EXERCISE DETAILS = A complete, exact retyping of the data below is required.
[PROVIDED DATA Boundary: Start]
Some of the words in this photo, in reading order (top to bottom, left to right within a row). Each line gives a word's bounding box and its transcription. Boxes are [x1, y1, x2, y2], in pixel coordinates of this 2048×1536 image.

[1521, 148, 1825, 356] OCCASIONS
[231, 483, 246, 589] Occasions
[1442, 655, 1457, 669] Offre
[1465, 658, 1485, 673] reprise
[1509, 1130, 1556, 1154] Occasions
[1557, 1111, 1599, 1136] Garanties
[PROVIDED DATA Boundary: End]
WRITTEN REPLY =
Some of the words in this photo, in reading order (top to bottom, left to right within a row). Each line gives a word's bounding box and its transcription. Boxes are [x1, y1, x2, y2], in pixel coordinates of this 2048×1536 image.

[1521, 148, 1825, 356] OCCASIONS
[231, 483, 246, 589] Occasions
[1442, 655, 1457, 669] Offre
[1465, 658, 1485, 673] reprise
[1509, 1130, 1556, 1154] Occasions
[1557, 1111, 1599, 1136] Garanties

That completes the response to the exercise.